* **Work instruction**:
Your task is to return the listing below word for word, without any of its images.

[Records for this task Boundary: Start]

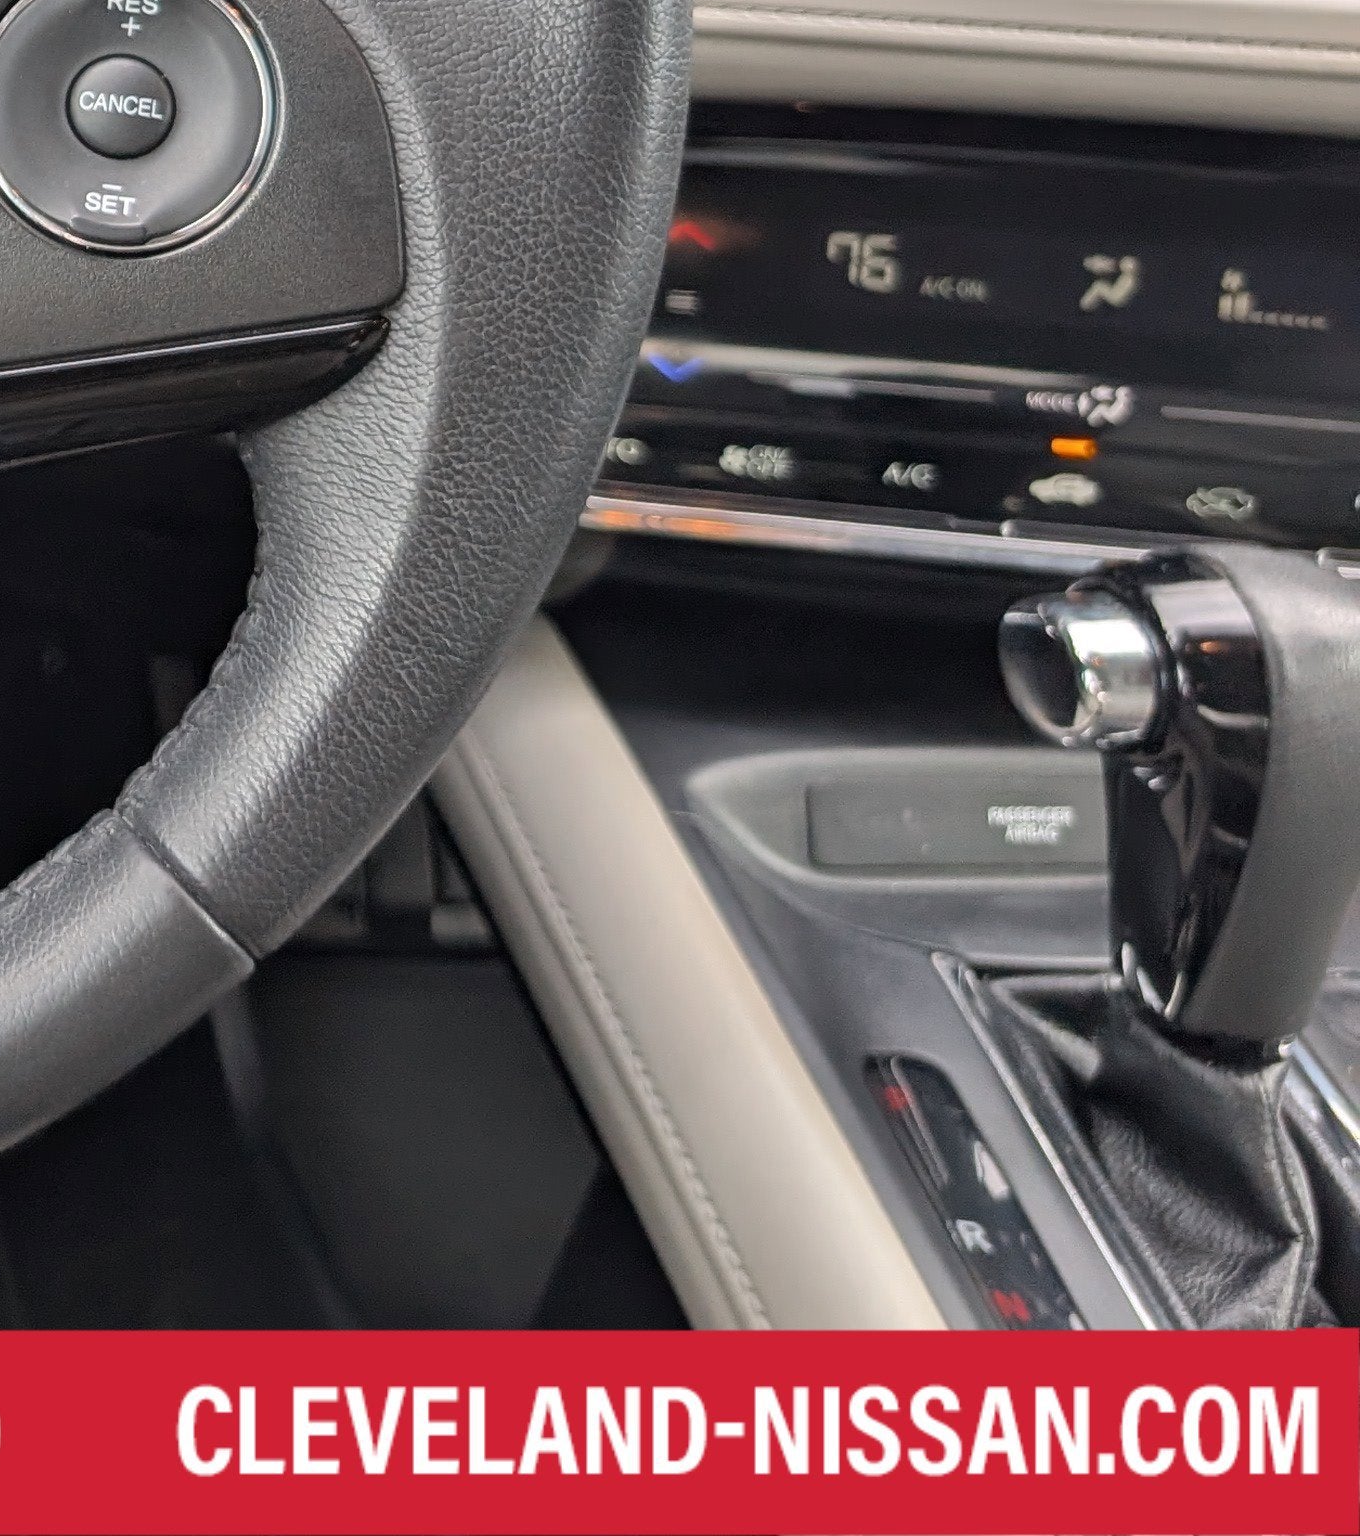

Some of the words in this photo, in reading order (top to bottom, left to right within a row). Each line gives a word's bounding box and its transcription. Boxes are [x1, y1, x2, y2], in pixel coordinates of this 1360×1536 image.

[79, 90, 163, 120] CANCEL
[84, 192, 136, 217] SET
[827, 231, 900, 294] 76
[955, 1218, 994, 1254] R
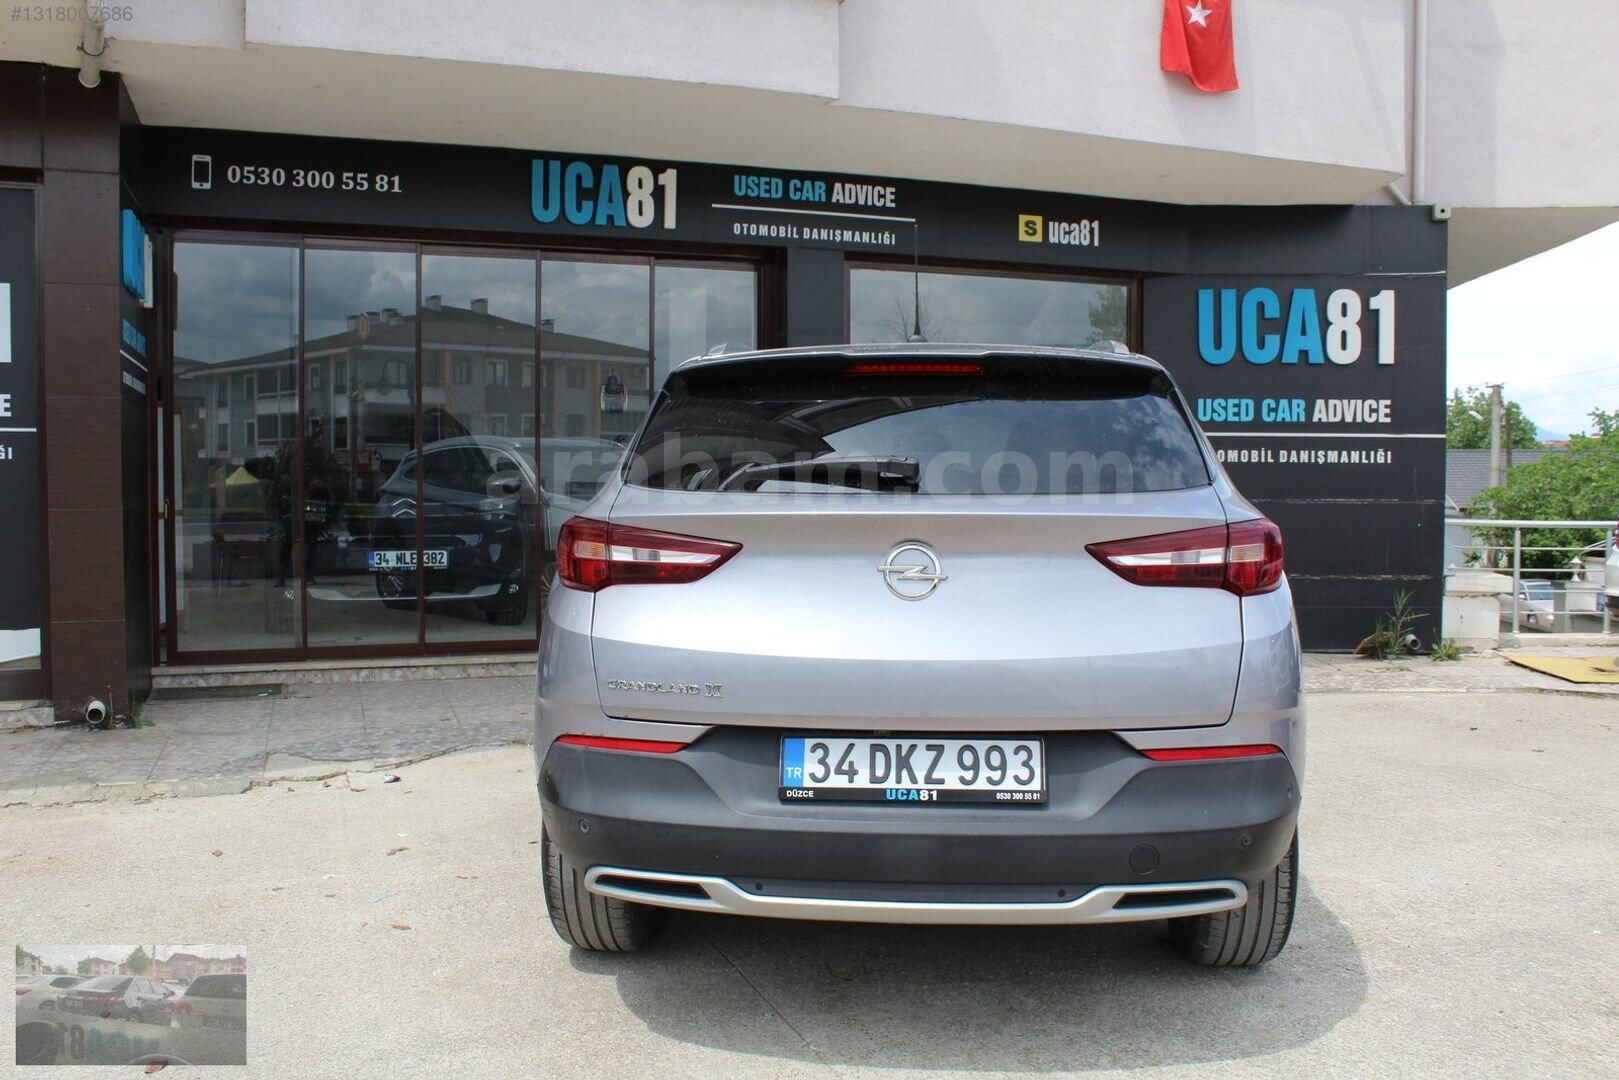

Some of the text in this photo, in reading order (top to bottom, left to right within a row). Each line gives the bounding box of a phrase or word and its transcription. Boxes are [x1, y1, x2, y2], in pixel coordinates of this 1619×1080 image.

[227, 164, 402, 193] 0530 300 55 81
[733, 174, 897, 209] USED CAR ADVICE
[530, 158, 679, 230] UCA81
[733, 222, 896, 245] OTOMOBİL DANIŞMANLIĞI
[1048, 218, 1100, 247] uca81
[1198, 287, 1396, 366] UCA81
[1198, 398, 1392, 423] USED CAR ADVICE
[1216, 447, 1392, 465] OMOBİL DANIŞMANLIĞI
[375, 552, 389, 566] 34
[423, 552, 445, 565] 382
[607, 679, 723, 698] GRANDLAND X
[786, 742, 1036, 786] TR 34 DKZ 993
[786, 789, 814, 798] DÜZCE
[886, 789, 938, 801] UCA81
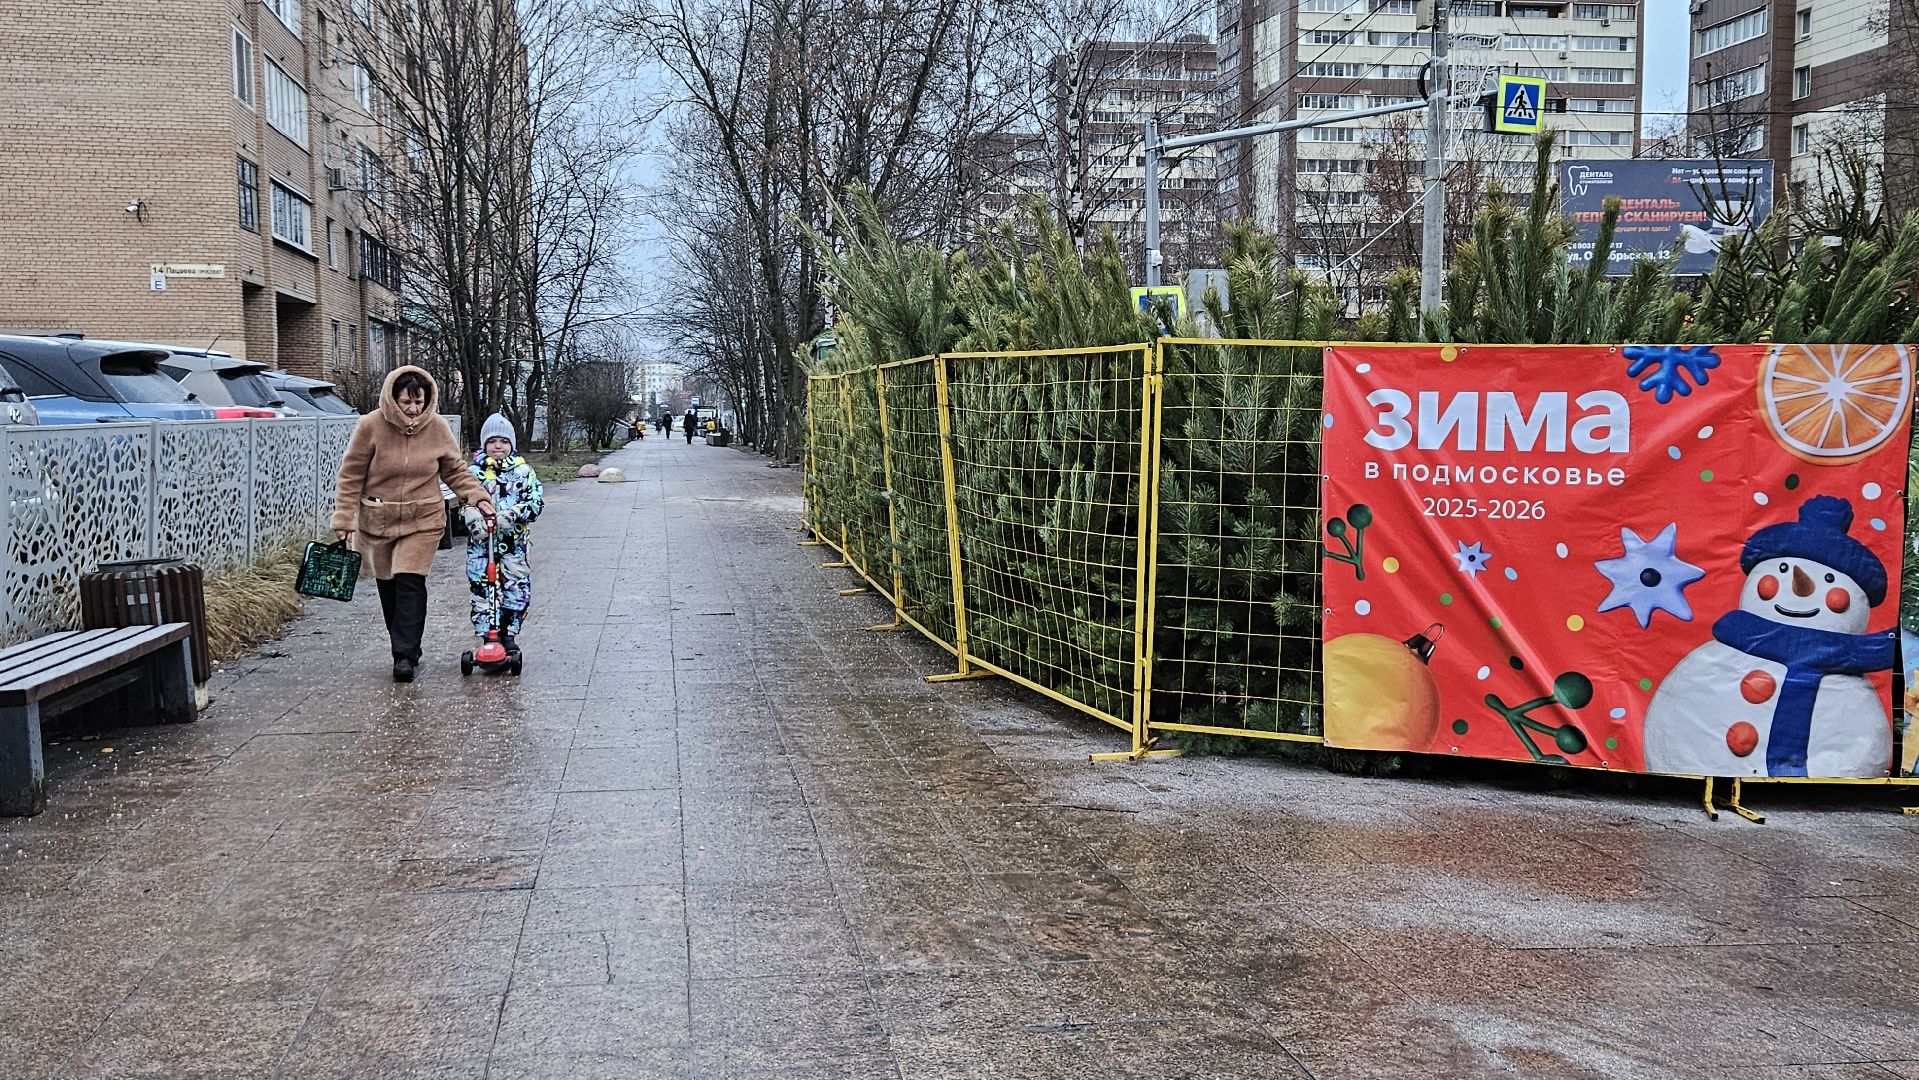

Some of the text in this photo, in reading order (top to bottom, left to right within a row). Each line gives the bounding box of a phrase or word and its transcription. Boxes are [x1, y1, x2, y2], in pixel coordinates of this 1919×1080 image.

[1579, 171, 1613, 179] ДЕНТАЛЬ
[1624, 211, 1707, 222] СКАНИРУЕМ!
[1567, 252, 1583, 262] ул.
[1423, 497, 1546, 520] 2025-2026
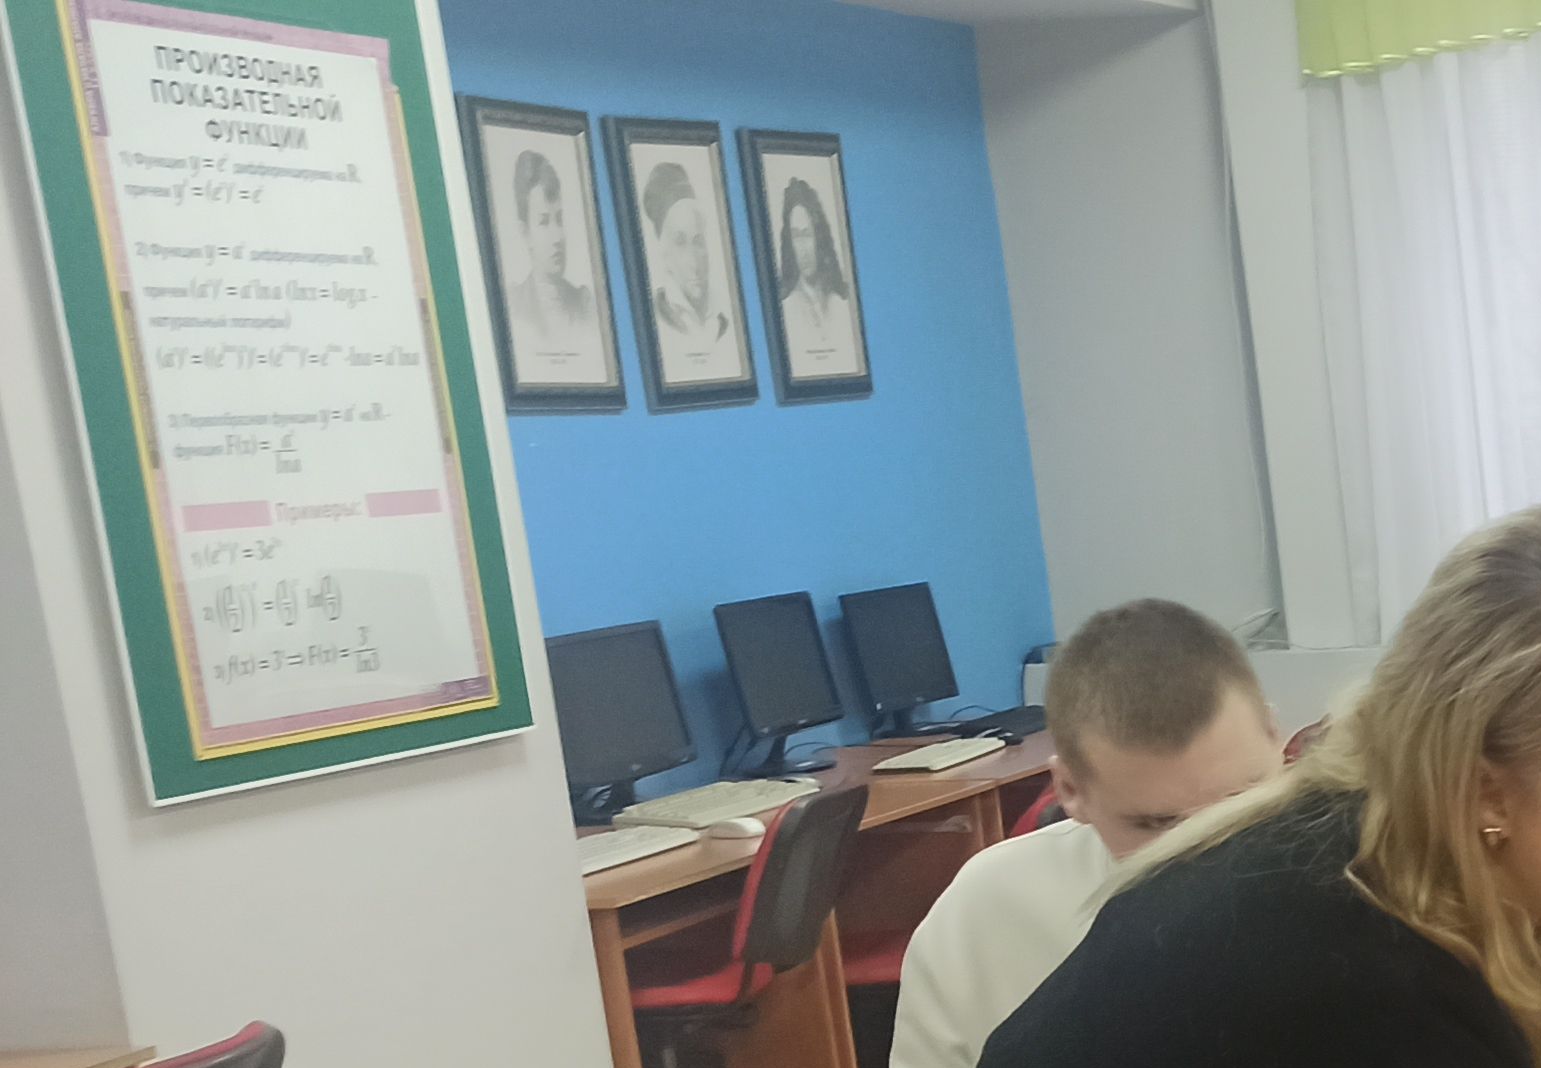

[Records for this task Boundary: End]

* **Response below**:
Some of the words in this photo, in reading order (top to bottom, left to right within a row). Each line gives a word's bounding box and its transcription. Boxes are [x1, y1, x2, y2], in pixel coordinates of this 1360×1536 image.

[79, 90, 163, 120] CANCEL
[84, 192, 136, 217] SET
[827, 231, 900, 294] 76
[955, 1218, 994, 1254] R

Some of the text in this photo, in reading order (top to bottom, left to right within a row). Each line gives the bounding box of a phrase or word and its transcription. Boxes are [x1, y1, x2, y2], in pixel coordinates of this 1619×1080 image.

[227, 164, 402, 193] 0530 300 55 81
[733, 174, 897, 209] USED CAR ADVICE
[530, 158, 679, 230] UCA81
[733, 222, 896, 245] OTOMOBİL DANIŞMANLIĞI
[1048, 218, 1100, 247] uca81
[1198, 287, 1396, 366] UCA81
[1198, 398, 1392, 423] USED CAR ADVICE
[1216, 447, 1392, 465] OMOBİL DANIŞMANLIĞI
[375, 552, 389, 566] 34
[423, 552, 445, 565] 382
[607, 679, 723, 698] GRANDLAND X
[786, 742, 1036, 786] TR 34 DKZ 993
[786, 789, 814, 798] DÜZCE
[886, 789, 938, 801] UCA81

Some of the text in this photo, in reading order (top to bottom, left to right within a row). Each line gives the bounding box of a phrase or word and its transcription. Boxes are [x1, y1, x2, y2], in pixel coordinates of this 1919×1080 image.

[1579, 171, 1613, 179] ДЕНТАЛЬ
[1624, 211, 1707, 222] СКАНИРУЕМ!
[1567, 252, 1583, 262] ул.
[1423, 497, 1546, 520] 2025-2026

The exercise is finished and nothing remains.